Most states consider a threat credible if an attacker is carjacking you or invading your domicile. But again, that depends on the situation. Hang on. Who decides what’s credible?

The Reasonable Person Standard

When it comes to assessing the imminence, credibility and potential lethality of a threat, initially, it’s your call. After you shoot, three entities will second guess you: the police, the District Attorney (DA) and the judge and/or jury.

In anti-gun states like New Jersey, the cops will arrest you if you shoot someone, no matter what. In pro-gun states like Texas, responding police are free to decide if they’re looking at a case of lawful self-defense, assault with a deadly weapon or murder.

If Lone Star law enforcement reckon a reasonable person would believe they were facing an imminent, credible threat of death or grievous bodily harm in your circumstance, they’ll leave you be.

In all cases, the District Attorney (the chief prosecutor of a particular jurisdiction) decides whether or not you were a “reasonable person” when you pulled the trigger. Whether or not to charge you with a crime.

You can be arrested by the cops and immediately charged by the DA’s office, arrested and not charged by the DA, or arrested and charged by the DA later.

Aside from Alaska, Connecticut and New Jersey, District Attorneys are elected. Politics. If a DA reckons voters would prefer to see you charged – even if their opinion is based on non-factual considerations like race – the DA will charge you. Throwing it to…

The judge and/or jury. If you’ve got this far, they make the final decision on your fate. In theory, they base your final dispensation on the reasonable person standard. To do that, they’re supposed to take into account…

The Totality of Circumstances

When judging the legality of armed self-defense, the attacker’s size, weight, age, motive and the nature of the attack are allowable considerations. As are the defender’s size, weight and age.

In fact, anything can be a factor, from the defender’s shooting history and social media posts, to the weather and time of day, to the number and behavior of bystanders.
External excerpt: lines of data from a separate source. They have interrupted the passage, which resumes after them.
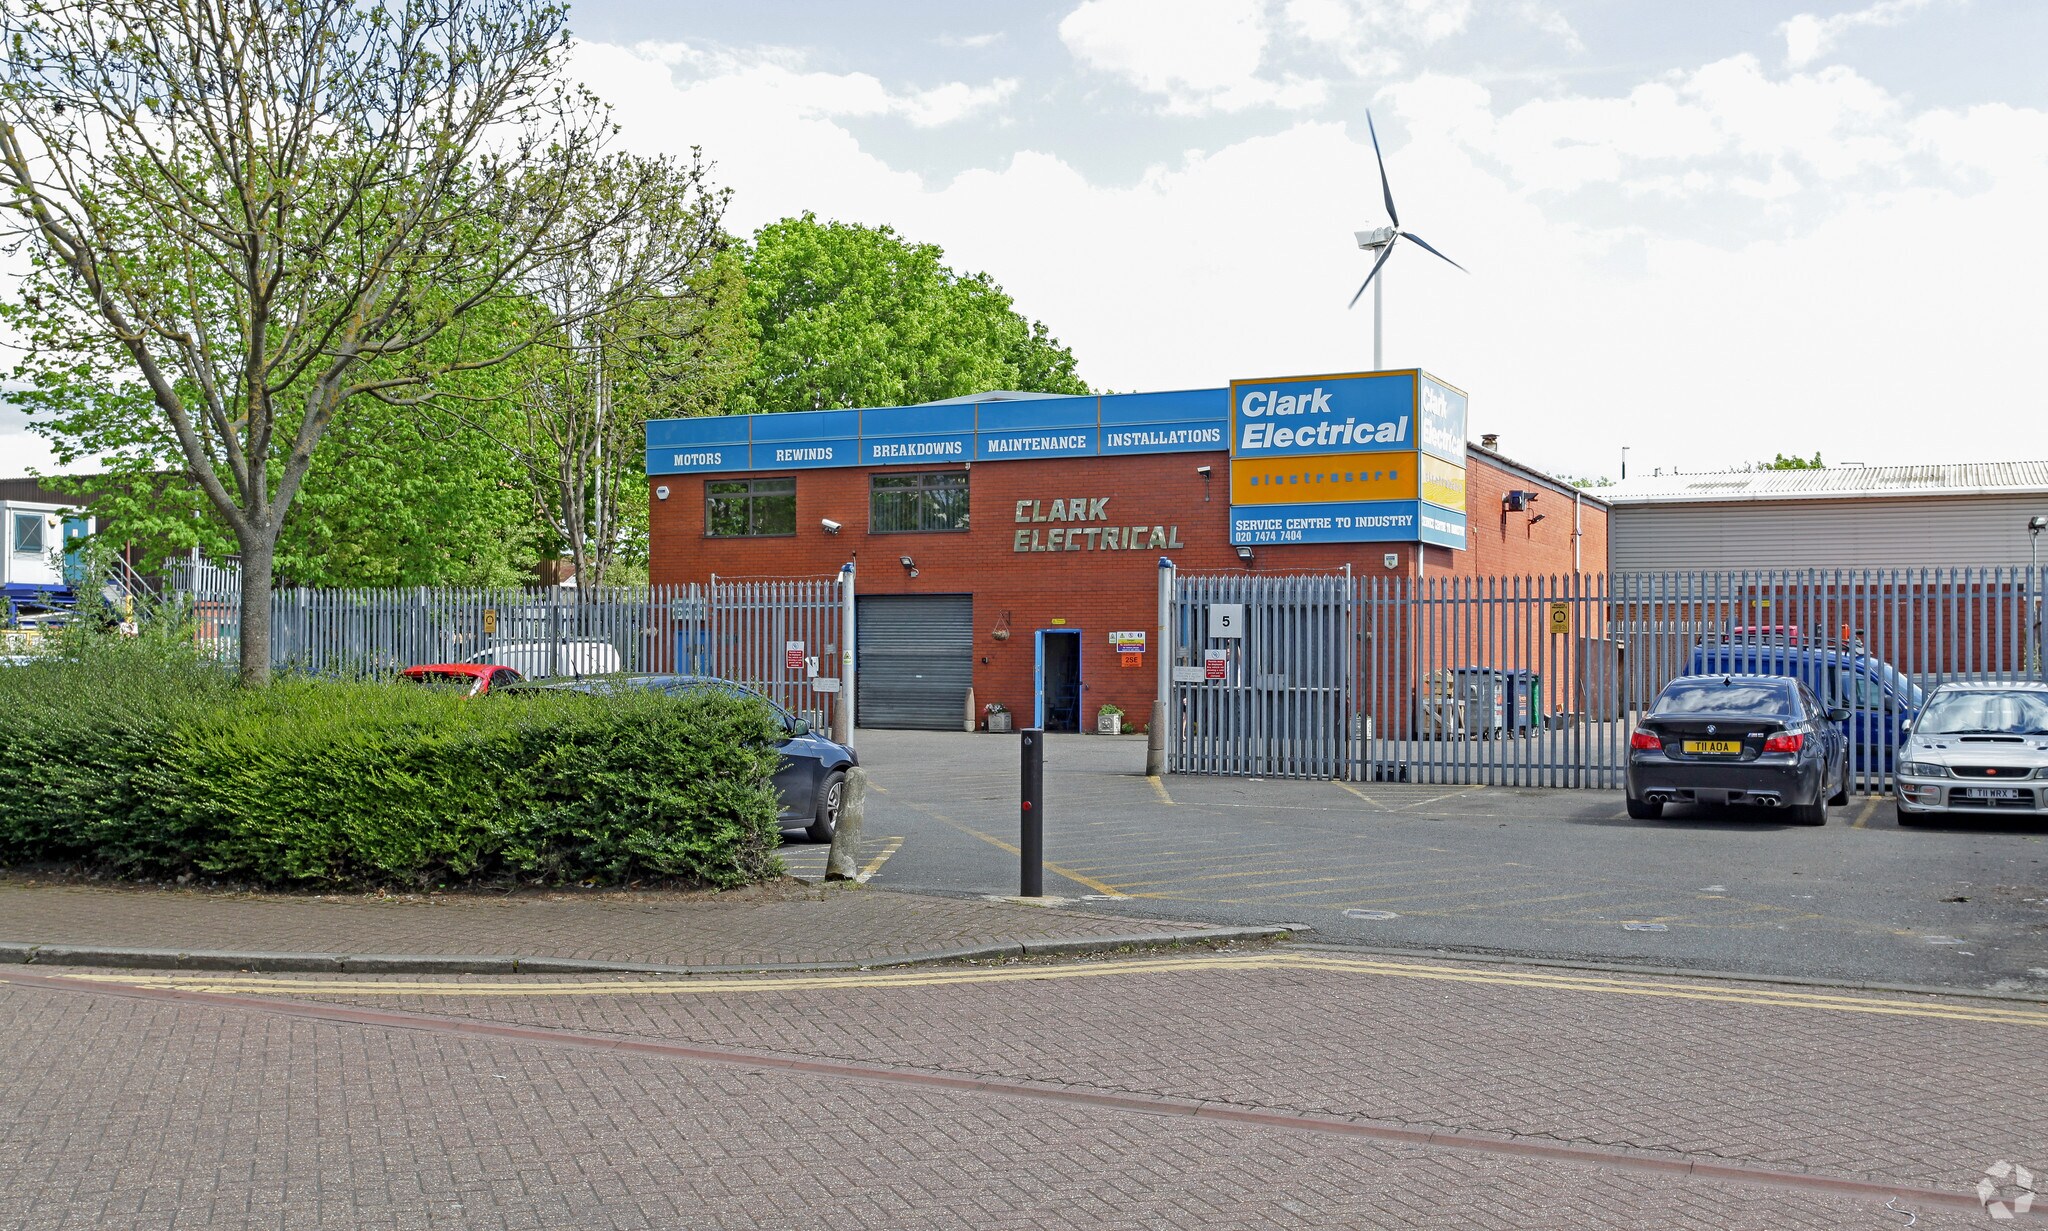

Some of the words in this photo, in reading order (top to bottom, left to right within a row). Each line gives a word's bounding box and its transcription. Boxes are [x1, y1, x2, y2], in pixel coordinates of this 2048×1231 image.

[1241, 387, 1333, 418] Clark
[1107, 428, 1221, 447] INSTALLATIONS
[1241, 415, 1409, 449] Electrical
[872, 440, 963, 458] BREAKDOWNS
[988, 435, 1087, 453] MAINTENANCE
[673, 452, 722, 466] MOTORS
[775, 447, 833, 462] REWINDS
[1250, 469, 1398, 486] electrocare
[1014, 497, 1111, 523] CLARK
[1235, 519, 1283, 531] SERVICE
[1285, 517, 1332, 530] CENTRE
[1335, 517, 1351, 529] TO
[1354, 515, 1413, 528] INDUSTRY
[1013, 525, 1185, 552] ELECTRICAL
[1235, 531, 1252, 542] 020
[1255, 531, 1276, 542] 7474
[1280, 530, 1302, 541] 7404
[1222, 615, 1230, 627] 5
[1990, 789, 2008, 797] WRX
One wrinkle: a judge or jury may rule that the attack wasn’t imminent and credible but a “reasonable person” would have thought it so. The shit happens defense.

3. Grievous Bodily Harm or Death

The definition of death is pretty clear. The exact definition of grievous bodily harm (a.k.a, serious bodily injury) varies from jurisdiction to jurisdiction.

GBH generally refers to any bodily injury that would endanger or be likely to endanger life, or cause or be likely to cause permanent injury.

We’re talking fractures, organ damage, disfigurement, severe burns, paralysis or loss of bodily functions (e.g., mobility or vision). And, of course, rape, regardless of physical damage.

Move to Texas!

I’m not sure I made this point emphatically enough: you can face an imminent, credible threat of death or grievous bodily harm, shoot your attacker, stop the threat and end-up arrested, charged and jailed.

Or you can move to Texas, the only state in the U.S. where you can use lethal force to stop someone from stealing your property. Just sayin’.